La noche veraniega invitaba a ver el desfile. La pasarela de veinte metros de largo brilló bajo el cielo estrellado que acariciaba Compostela. Con ese brillo colaboraron los 130.000 vatios de luces que se utilizaron, tanto para iluminar la pasarela como para hacer proyecciones de luces de colores sobre los edificios que rodean la plaza. Además, el sonido, excepto por unos tropiezos del comienzo, funcionó perfectamente.
Gaby Dávila, locutor de radio, presentó el desfile que se abrió con la actuación de una de las alumnas de la nueva escuela de arte dramático que tiene en el Ensanche. Todo comenzó puntual, pasados a penas unos cinco minutos de las nueve, la hora prevista. Las y los modelos de la Agencia New Models volvieron a demostrar su profesionalidad y versatilidad para vestir las diferentes prendas y complementos. Pero además de ellos, una cara muy conocida del ámbito autonómico desató algunos de los halagos más efusivos de parte del público masculino, fue la presentadora de la Televisión de Galicia, Sonia López. Aunque no fue hasta el primer pase de los niños cuando las sonrisas y los aplausos se multiplicaron entre el público.
De colores y diseño
Quizás lo mejor de Moda a pé de rúa fue que se vieron modelos «ponibles», y adecuados a cada bolsillo y a cada talla. Santiago Centro quiso apostar seriamente esta temporada por las tallas grandes, con diseños que responden a las mismas tendencias que los demás, pero con cortes diferentes para adecuarlos a cada cuerpo.
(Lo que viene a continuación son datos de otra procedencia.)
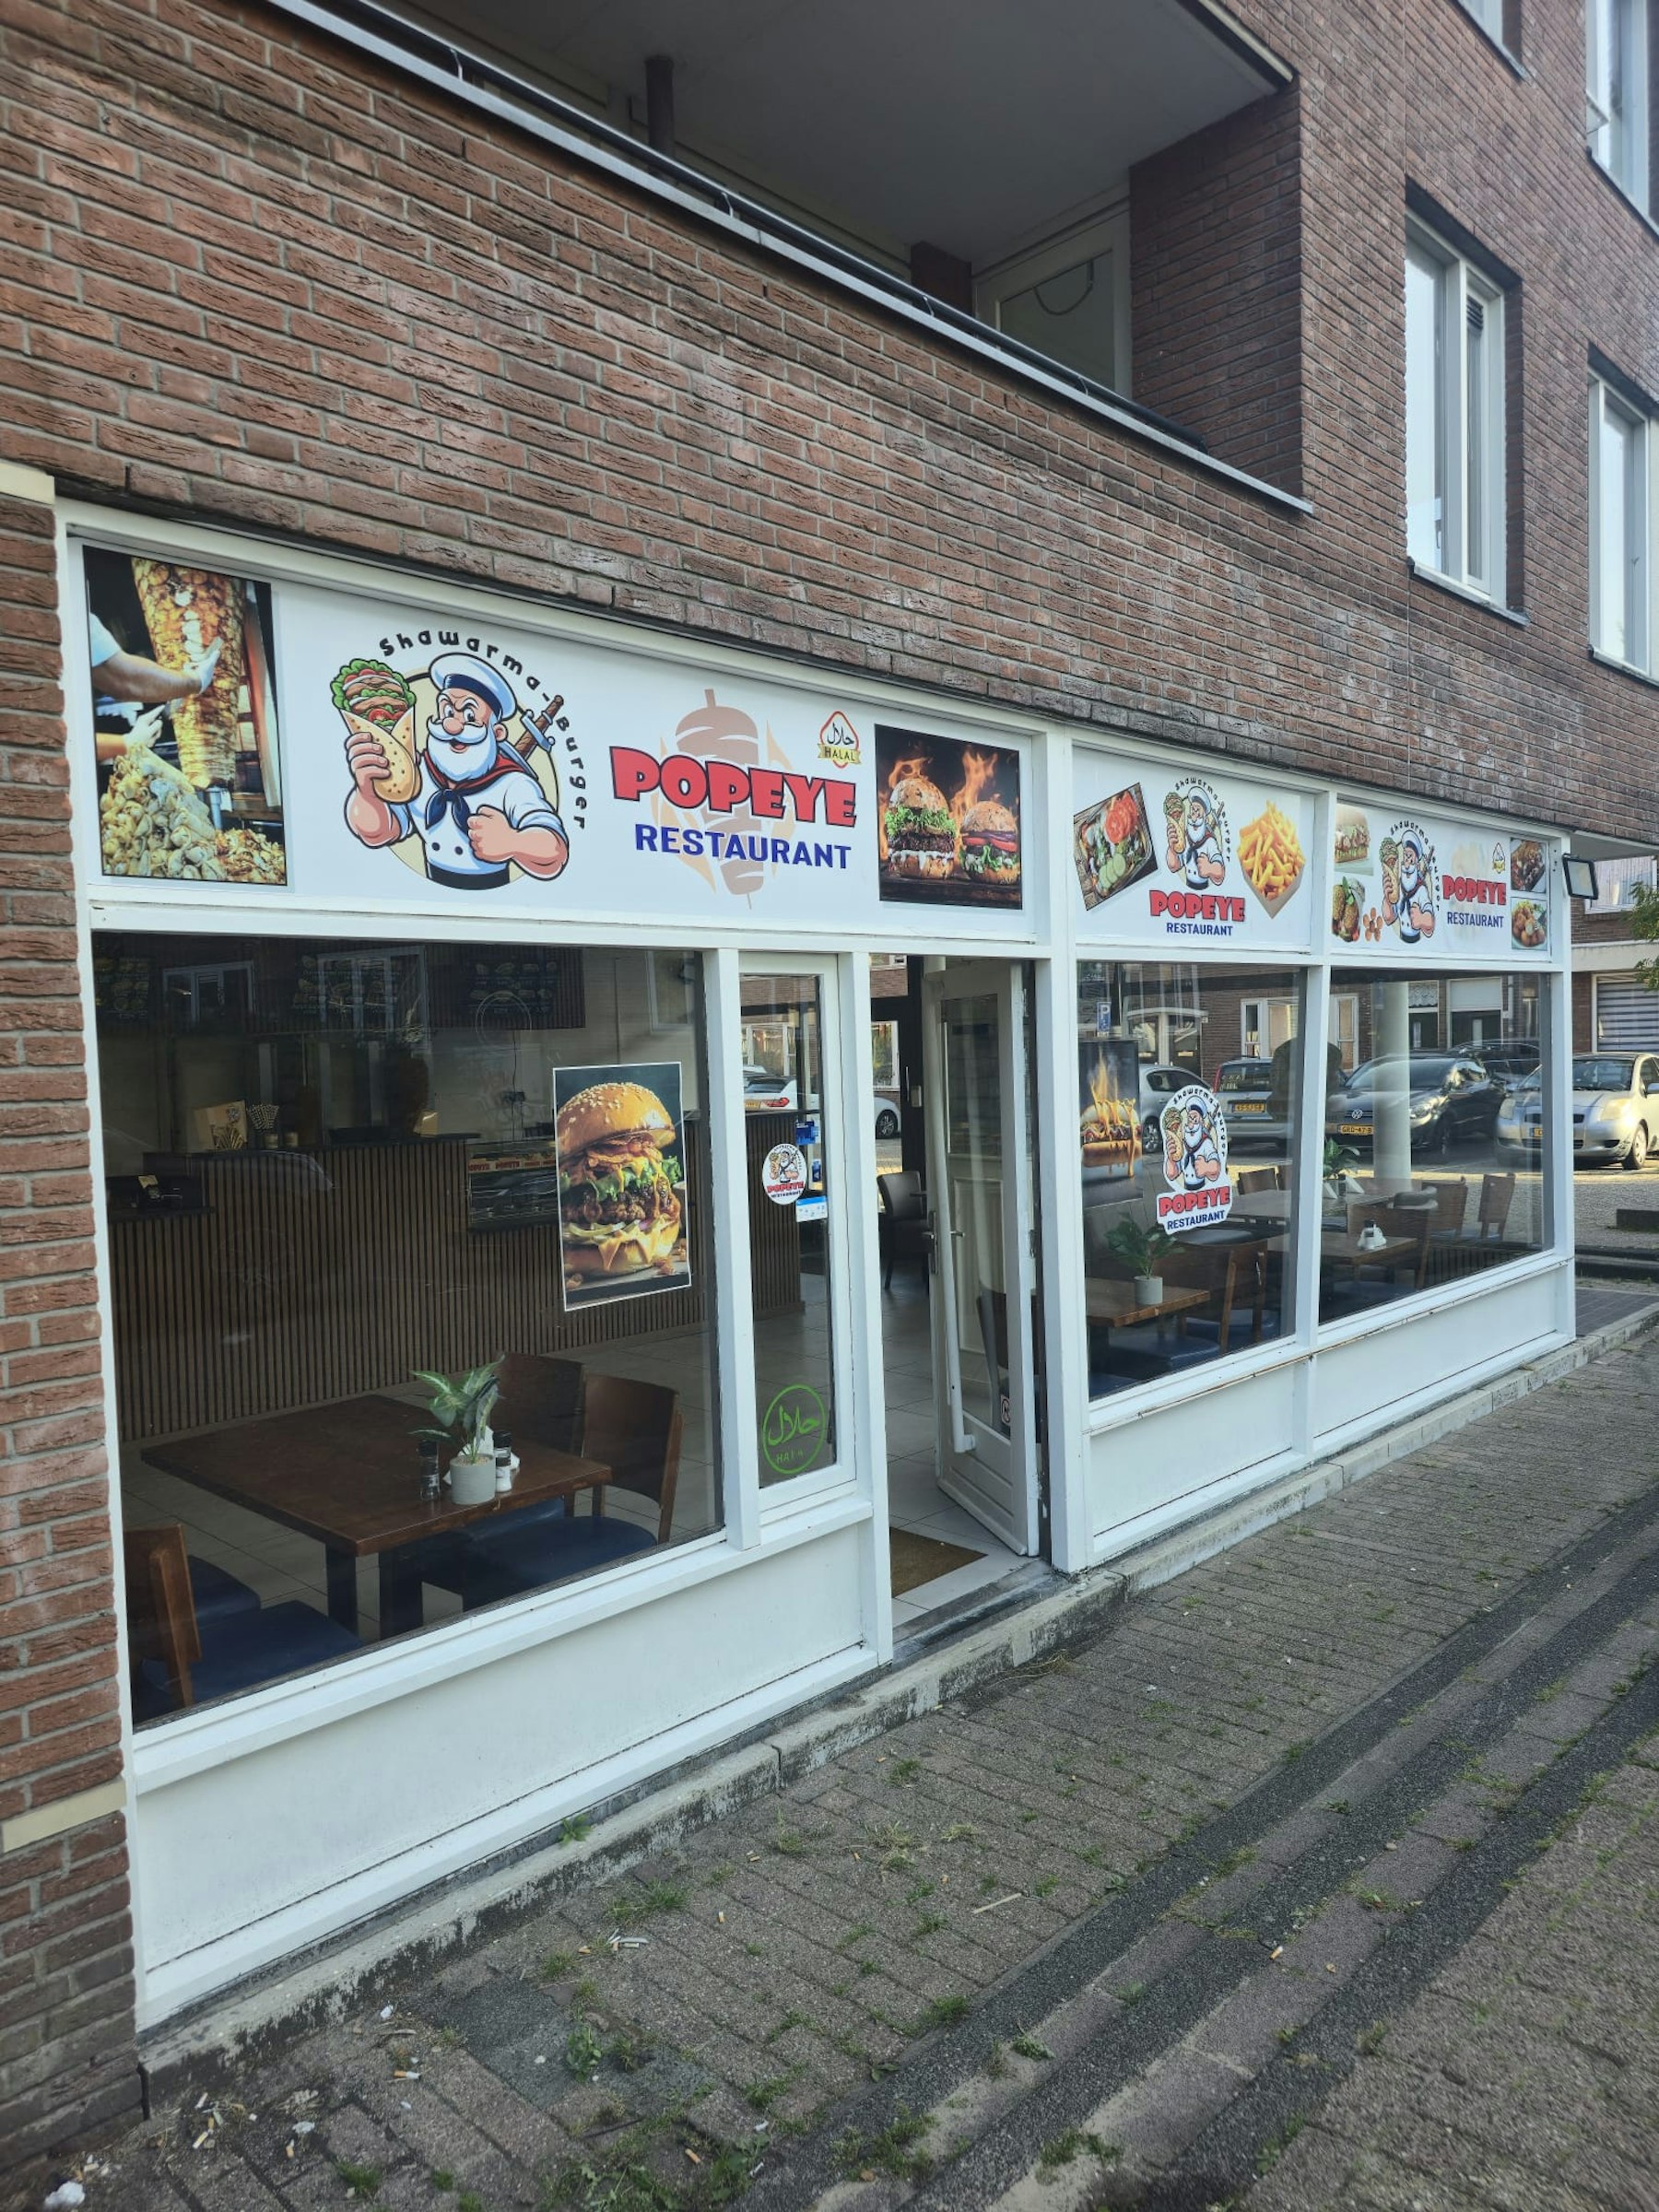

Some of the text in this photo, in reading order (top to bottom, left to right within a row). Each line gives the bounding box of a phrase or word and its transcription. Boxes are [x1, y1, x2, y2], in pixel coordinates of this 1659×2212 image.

[824, 746, 856, 762] HALAL
[609, 746, 857, 828] POPEYE
[635, 823, 852, 869] RESTAURANT
[1441, 874, 1507, 906] POPEYE
[1149, 889, 1245, 923] POPEYE
[1447, 911, 1504, 929] RESTAURANT
[1166, 922, 1234, 936] RESTAURANT
[1159, 1186, 1230, 1217] POPEYE
[1167, 1210, 1226, 1230] RESTAURANT
La moda deportiva abrió el desfile, a la que siguieron las últimas tendencias en moda joven. Modelos informales, pero con un toque de estilo. También ellos desfilaron prendas formales, vestidos que, seguramente, se verán en las bodas este otoño-invierno. Por haber, hubo hasta pases en los que las gafas eran las protagonistas.
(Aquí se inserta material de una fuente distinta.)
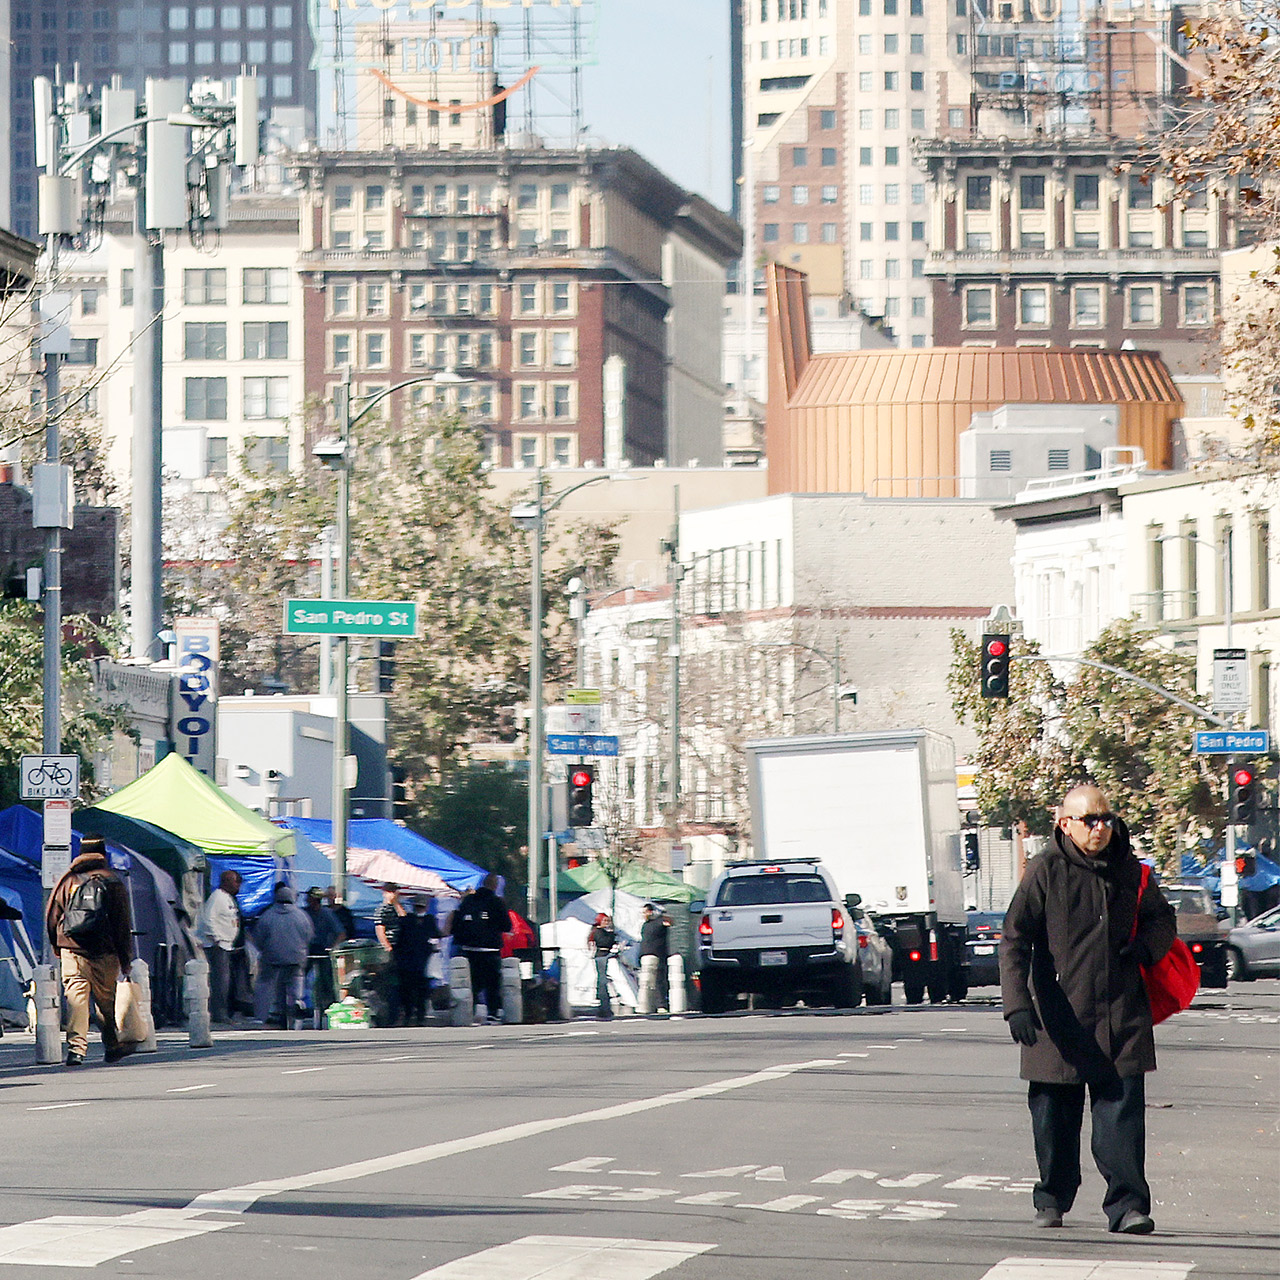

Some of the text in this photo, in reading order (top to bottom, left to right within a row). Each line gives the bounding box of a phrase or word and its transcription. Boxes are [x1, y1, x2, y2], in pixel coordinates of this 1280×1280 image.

[401, 35, 509, 73] HOTEL
[293, 608, 410, 626] San Pedro St
[1222, 673, 1240, 682] BUS
[1220, 682, 1241, 690] ONLY
[551, 738, 576, 751] San
[1199, 734, 1264, 748] San Pedro
[27, 787, 47, 797] BIKE
[548, 1156, 1040, 1194] LANE
[522, 1184, 960, 1222] BUS
Los niños también exigen vestirse a la última, y por eso llevan los modelos de los jóvenes en miniatura, pero con más color. Sus padres y madres esta temporada vestirán de negro y gris, prendas a las que le darán luz con los morados, rojos y naranjas. Para ambos sexos hay chaquetas en todos los tonos, eso sí, la clave es que tengan botones grandes y vistosos.
Más allá de la ropa, ayer predominaban las sonrisas en la pasarela, lo que se agradece, porque no es muy habitual en el mundo de la moda. Ana Peleteiro, organizadora del evento, prometía un desfile elegante y ameno, y parece que lo ha logrado. Los que mejor lo pasaron fueron los padres de los pequeños modelos.